■ **THE PROBLEM**
The data below should be printed in full, exactly, and without any of its images.

■ **AVAILABLE DATA**
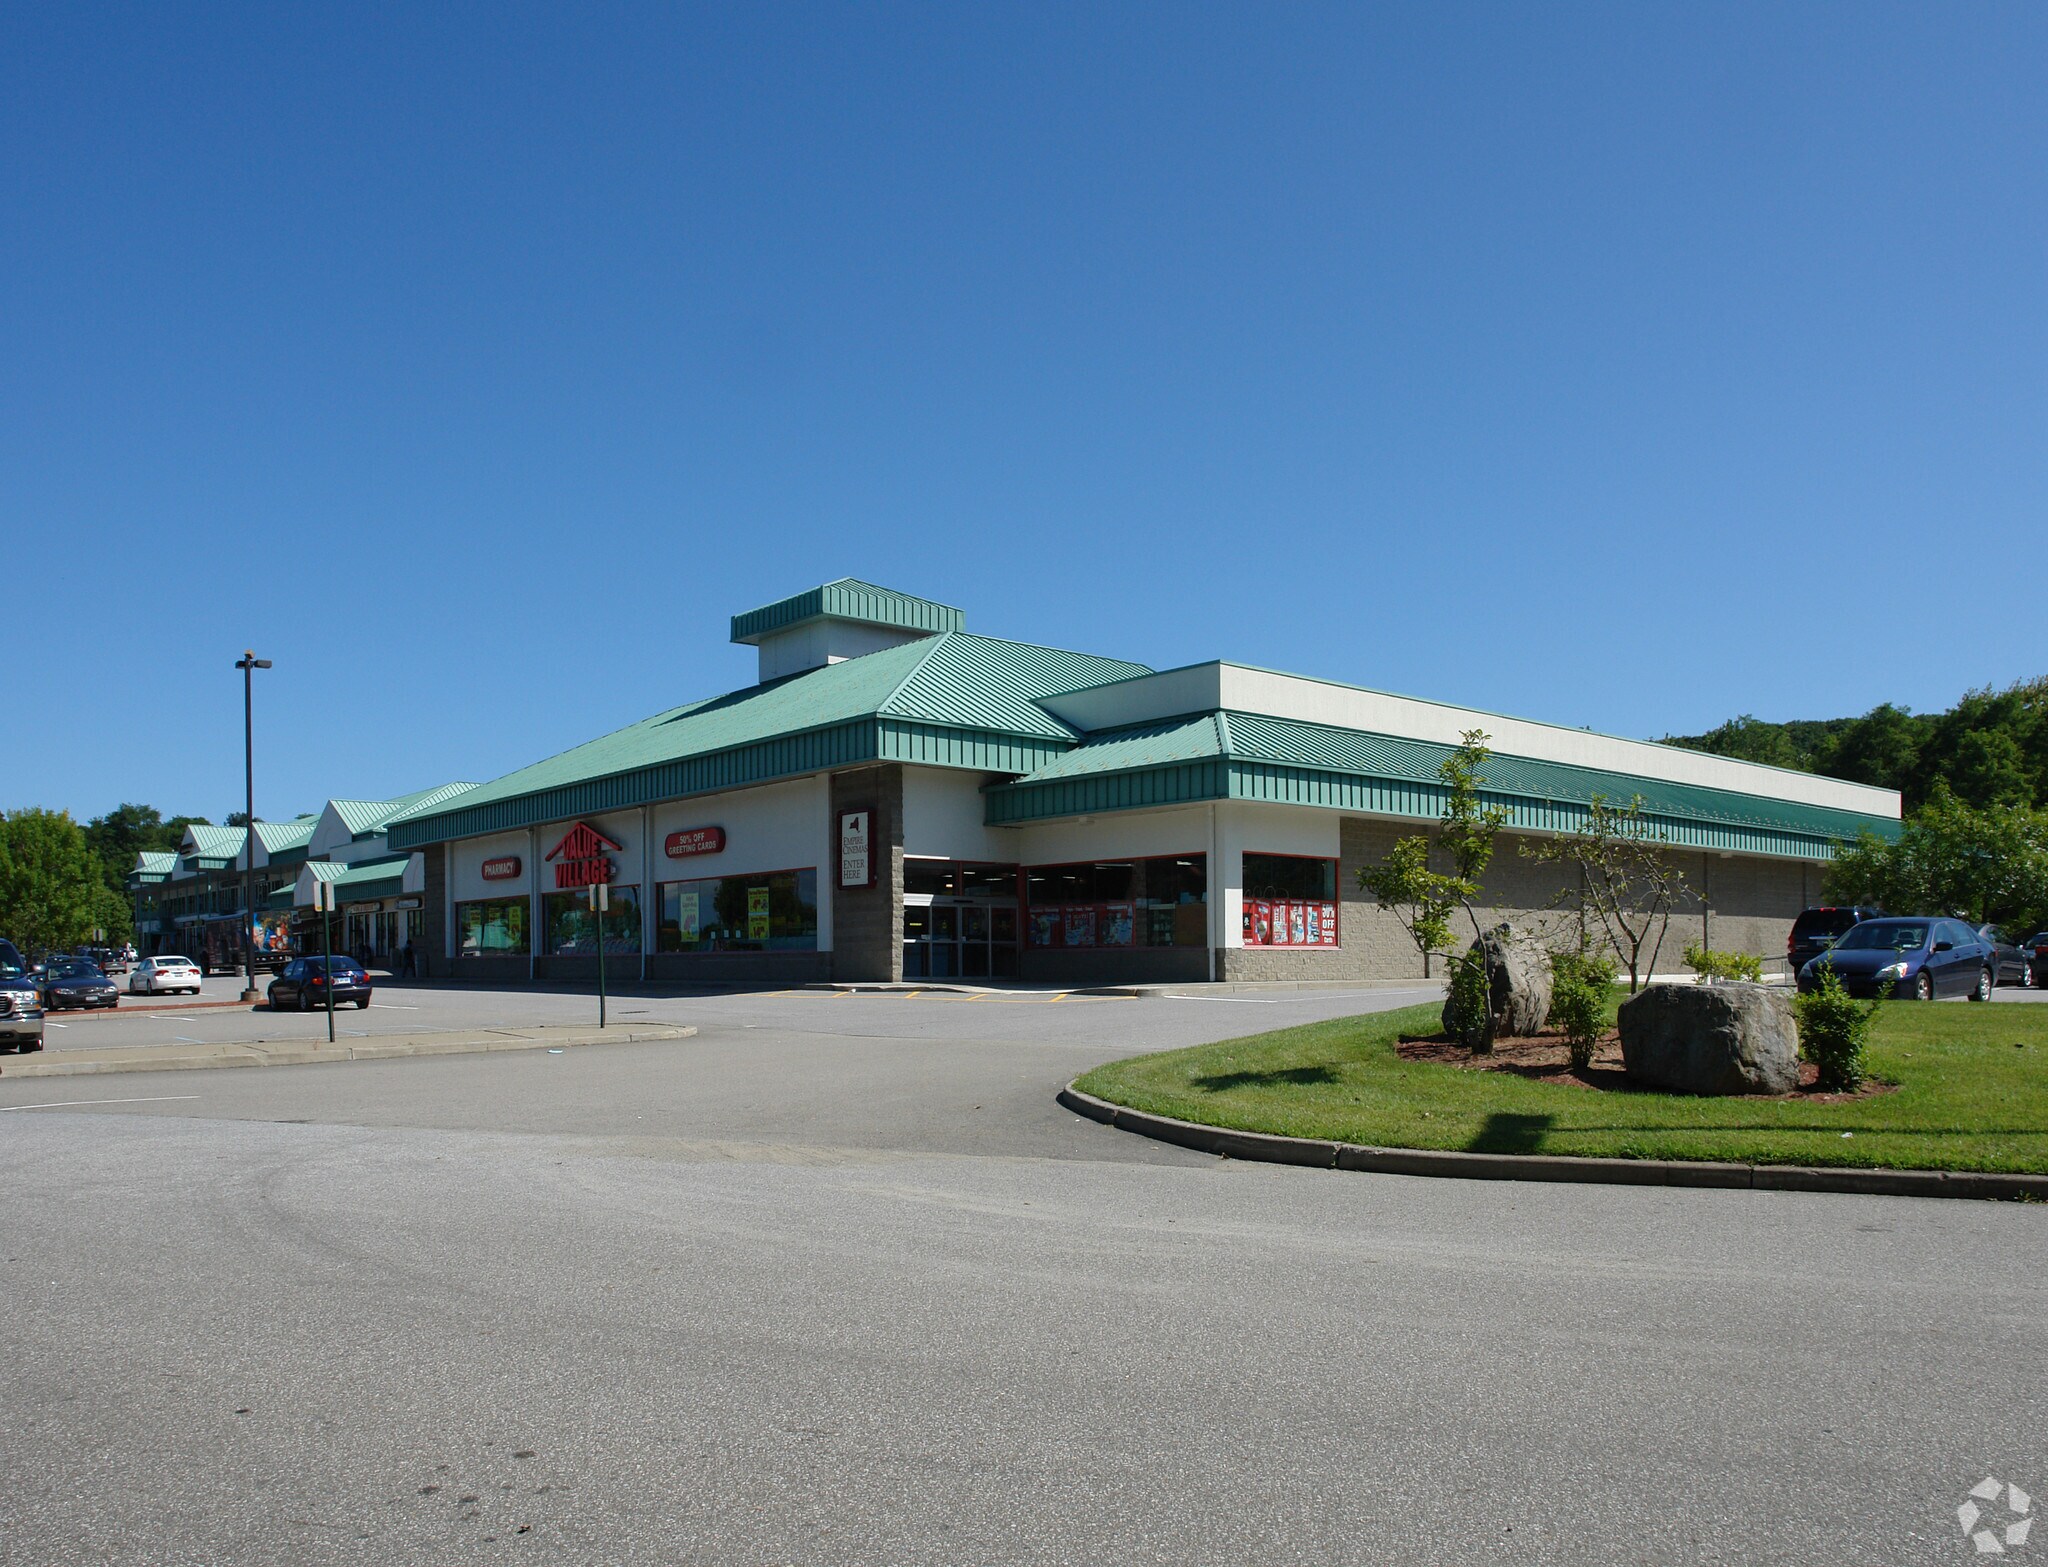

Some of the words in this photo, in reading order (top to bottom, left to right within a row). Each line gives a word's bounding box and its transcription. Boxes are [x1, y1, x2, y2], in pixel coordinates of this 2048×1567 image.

[680, 834, 692, 845] 50%
[693, 832, 705, 842] OFF
[843, 836, 864, 846] EMPIRE
[563, 829, 598, 860] VALUE
[668, 843, 696, 855] GREETING
[697, 840, 717, 851] CARDS
[842, 846, 868, 855] CINEMAS
[484, 861, 514, 876] PHARMACY
[843, 859, 865, 869] ENTER
[555, 857, 609, 888] VILLAGE
[843, 870, 861, 879] HERE
[1322, 919, 1335, 929] OFF

■ **ANSWER TO THIS PROBLEM**
Some of the words in this photo, in reading order (top to bottom, left to right within a row). Each line gives a word's bounding box and its transcription. Boxes are [x1, y1, x2, y2], in pixel coordinates of this 2048×1567 image.

[680, 834, 692, 845] 50%
[693, 832, 705, 842] OFF
[843, 836, 864, 846] EMPIRE
[563, 829, 598, 860] VALUE
[668, 843, 696, 855] GREETING
[697, 840, 717, 851] CARDS
[842, 846, 868, 855] CINEMAS
[484, 861, 514, 876] PHARMACY
[843, 859, 865, 869] ENTER
[555, 857, 609, 888] VILLAGE
[843, 870, 861, 879] HERE
[1322, 919, 1335, 929] OFF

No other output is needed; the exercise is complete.